There are two ways to address tensions within a community.  The first is in the relationship between two individuals.  Even sincere and wholly self-aware Christians can fall into racism or prejudice when they fail to let go of pride in favor of cherished personal identities.  For some, this is due to a feeling of cultural superiority.  This feeling leads to prejudice against those perceived as 'inferior.'  In order to heal this prejudice, we must learn to take each person as they come.  This does not mean that we ignore the color of their skin or the background from which they have emerged - it simply means that we set aside preconceived notions in order to have an unclouded lens through which to see another person.  For others, a sense of injustice due to racism or other forms of prejudice plays into an inability to work toward shalom between individuals.  In both cases, these feelings must be put aside in order to truly engage with people from every tribe, language and nation.

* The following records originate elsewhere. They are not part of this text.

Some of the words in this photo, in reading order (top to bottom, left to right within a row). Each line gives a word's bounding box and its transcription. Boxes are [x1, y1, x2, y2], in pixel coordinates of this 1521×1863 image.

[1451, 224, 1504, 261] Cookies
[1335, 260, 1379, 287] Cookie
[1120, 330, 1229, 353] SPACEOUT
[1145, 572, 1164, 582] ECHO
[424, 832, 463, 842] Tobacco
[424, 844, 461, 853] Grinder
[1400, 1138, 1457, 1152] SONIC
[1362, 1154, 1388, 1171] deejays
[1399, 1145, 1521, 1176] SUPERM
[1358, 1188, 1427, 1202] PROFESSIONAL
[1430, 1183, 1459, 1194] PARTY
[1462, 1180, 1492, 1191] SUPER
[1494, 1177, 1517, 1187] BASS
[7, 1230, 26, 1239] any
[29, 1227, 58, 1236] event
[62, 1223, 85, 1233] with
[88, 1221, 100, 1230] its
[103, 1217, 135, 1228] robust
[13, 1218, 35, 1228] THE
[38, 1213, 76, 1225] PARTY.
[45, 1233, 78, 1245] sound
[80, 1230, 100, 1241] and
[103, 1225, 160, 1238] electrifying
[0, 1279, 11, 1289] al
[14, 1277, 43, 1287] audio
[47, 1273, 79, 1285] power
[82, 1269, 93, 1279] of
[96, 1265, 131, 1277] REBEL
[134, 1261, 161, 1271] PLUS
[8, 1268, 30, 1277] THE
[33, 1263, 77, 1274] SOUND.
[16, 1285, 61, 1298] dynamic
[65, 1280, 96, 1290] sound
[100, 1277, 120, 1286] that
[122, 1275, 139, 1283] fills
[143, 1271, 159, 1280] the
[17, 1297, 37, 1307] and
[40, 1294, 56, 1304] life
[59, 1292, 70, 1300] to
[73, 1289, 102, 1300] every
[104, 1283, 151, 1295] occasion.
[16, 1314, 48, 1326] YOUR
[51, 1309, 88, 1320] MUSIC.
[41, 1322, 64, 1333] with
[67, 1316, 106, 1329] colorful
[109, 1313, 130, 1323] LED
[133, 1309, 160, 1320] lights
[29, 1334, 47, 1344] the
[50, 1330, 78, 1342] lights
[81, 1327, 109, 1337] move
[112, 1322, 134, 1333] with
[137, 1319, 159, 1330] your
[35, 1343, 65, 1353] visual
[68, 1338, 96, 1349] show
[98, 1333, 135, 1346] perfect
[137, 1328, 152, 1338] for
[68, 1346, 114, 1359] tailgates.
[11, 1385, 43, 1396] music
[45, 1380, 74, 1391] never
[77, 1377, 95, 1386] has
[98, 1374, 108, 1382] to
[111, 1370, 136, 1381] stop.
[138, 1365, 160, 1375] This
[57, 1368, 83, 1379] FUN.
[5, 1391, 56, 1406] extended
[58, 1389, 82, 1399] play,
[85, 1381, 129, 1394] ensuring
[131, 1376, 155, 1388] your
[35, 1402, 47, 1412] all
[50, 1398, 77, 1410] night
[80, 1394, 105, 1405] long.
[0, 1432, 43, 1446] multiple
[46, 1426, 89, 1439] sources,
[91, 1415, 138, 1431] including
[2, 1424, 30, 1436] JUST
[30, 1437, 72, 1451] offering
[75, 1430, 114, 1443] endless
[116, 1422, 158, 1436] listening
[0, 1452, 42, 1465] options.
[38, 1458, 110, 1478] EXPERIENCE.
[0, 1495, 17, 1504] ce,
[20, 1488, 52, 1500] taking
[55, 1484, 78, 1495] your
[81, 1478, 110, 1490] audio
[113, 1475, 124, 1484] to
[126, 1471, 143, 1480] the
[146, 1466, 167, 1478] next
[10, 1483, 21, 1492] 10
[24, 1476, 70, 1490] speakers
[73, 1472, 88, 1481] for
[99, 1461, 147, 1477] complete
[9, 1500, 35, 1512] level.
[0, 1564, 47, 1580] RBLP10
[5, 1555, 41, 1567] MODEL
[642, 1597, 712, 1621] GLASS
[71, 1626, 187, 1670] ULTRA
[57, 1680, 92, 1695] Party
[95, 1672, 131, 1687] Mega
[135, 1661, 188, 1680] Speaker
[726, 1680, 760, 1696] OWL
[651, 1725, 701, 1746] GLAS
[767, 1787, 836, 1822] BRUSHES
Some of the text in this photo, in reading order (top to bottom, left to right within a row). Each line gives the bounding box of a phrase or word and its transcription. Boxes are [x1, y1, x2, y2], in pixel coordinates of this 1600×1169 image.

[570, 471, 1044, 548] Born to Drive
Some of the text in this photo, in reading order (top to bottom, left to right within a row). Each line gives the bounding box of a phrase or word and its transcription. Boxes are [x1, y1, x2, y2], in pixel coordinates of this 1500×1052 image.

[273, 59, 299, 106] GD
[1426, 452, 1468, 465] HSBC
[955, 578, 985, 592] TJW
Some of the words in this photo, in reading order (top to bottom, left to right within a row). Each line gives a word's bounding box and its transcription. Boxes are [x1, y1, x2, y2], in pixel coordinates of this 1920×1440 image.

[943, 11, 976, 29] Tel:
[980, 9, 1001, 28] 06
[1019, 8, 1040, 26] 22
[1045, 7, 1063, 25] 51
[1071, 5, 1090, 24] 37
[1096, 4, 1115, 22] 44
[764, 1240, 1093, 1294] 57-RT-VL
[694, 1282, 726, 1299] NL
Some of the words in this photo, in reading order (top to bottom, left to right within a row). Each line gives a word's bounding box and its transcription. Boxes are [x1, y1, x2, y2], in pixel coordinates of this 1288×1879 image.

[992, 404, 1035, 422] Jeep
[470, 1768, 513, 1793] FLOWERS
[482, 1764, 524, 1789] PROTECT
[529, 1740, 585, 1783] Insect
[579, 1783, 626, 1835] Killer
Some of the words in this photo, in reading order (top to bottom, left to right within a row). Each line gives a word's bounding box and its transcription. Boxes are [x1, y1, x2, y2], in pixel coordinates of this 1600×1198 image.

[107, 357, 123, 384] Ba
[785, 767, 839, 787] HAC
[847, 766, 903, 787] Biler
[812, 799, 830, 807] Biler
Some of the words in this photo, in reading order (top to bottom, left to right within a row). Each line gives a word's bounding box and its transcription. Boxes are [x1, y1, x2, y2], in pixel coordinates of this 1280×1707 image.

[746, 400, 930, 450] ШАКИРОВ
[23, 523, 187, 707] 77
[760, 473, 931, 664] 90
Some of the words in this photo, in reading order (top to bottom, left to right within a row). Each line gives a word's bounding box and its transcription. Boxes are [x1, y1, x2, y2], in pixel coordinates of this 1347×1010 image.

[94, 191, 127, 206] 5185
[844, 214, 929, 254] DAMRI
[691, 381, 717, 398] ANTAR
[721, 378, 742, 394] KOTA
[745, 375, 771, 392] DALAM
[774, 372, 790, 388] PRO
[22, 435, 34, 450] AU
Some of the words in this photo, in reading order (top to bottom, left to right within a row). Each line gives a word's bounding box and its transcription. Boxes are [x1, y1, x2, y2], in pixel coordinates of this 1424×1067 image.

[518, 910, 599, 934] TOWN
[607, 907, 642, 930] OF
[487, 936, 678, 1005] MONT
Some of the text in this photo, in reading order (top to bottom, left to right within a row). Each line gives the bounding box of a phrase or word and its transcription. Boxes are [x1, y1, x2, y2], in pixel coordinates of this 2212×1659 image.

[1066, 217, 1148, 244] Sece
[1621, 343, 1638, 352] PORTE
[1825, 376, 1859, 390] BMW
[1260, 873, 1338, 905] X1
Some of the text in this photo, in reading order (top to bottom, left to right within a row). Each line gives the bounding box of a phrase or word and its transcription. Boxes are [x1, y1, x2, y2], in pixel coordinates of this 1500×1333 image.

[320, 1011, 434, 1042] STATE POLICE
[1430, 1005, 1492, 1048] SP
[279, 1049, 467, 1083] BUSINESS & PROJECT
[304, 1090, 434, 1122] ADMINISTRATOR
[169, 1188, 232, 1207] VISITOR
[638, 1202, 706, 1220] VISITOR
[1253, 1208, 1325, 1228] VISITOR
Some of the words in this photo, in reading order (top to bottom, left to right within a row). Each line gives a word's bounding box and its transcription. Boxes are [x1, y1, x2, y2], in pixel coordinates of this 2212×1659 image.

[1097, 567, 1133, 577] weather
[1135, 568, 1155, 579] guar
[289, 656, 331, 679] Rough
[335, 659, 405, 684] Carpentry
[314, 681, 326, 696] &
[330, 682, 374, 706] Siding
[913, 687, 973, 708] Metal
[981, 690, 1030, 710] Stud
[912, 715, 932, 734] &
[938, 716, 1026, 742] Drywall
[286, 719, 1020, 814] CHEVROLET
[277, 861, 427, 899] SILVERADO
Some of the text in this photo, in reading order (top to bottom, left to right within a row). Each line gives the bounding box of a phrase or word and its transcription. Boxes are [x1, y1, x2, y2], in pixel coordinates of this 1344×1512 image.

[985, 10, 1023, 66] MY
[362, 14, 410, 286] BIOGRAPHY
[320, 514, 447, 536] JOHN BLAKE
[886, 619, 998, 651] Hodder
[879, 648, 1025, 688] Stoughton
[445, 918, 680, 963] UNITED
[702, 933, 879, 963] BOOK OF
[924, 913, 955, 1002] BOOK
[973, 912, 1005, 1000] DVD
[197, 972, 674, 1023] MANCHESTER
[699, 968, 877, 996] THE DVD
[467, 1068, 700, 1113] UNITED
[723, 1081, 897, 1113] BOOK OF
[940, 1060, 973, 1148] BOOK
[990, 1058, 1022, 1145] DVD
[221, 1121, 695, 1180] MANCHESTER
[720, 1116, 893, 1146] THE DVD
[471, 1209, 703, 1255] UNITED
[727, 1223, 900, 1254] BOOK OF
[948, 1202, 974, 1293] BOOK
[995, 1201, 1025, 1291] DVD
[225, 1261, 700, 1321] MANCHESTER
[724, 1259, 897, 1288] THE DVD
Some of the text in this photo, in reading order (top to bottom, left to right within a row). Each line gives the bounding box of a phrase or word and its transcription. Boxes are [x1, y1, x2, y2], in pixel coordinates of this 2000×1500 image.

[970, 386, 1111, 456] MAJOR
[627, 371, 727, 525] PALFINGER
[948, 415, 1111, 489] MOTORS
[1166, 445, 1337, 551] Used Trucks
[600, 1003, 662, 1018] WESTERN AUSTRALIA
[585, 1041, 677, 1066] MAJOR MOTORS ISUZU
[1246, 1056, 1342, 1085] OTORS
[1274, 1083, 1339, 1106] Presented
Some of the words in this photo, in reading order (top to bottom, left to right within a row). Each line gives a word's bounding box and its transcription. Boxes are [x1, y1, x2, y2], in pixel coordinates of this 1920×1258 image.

The second way to work toward a just community is to grapple, as a unified group of believers, with the conflicts that arise.  We must together affirm the strengths of diverse traditions and cultures, and work to strengthen the weaknesses of the community in hope and preparation for change and renewal.  No single person or ethnic group can fully represent the Kingdom of God, and so we must become a diverse yet unified community always working toward a more just society.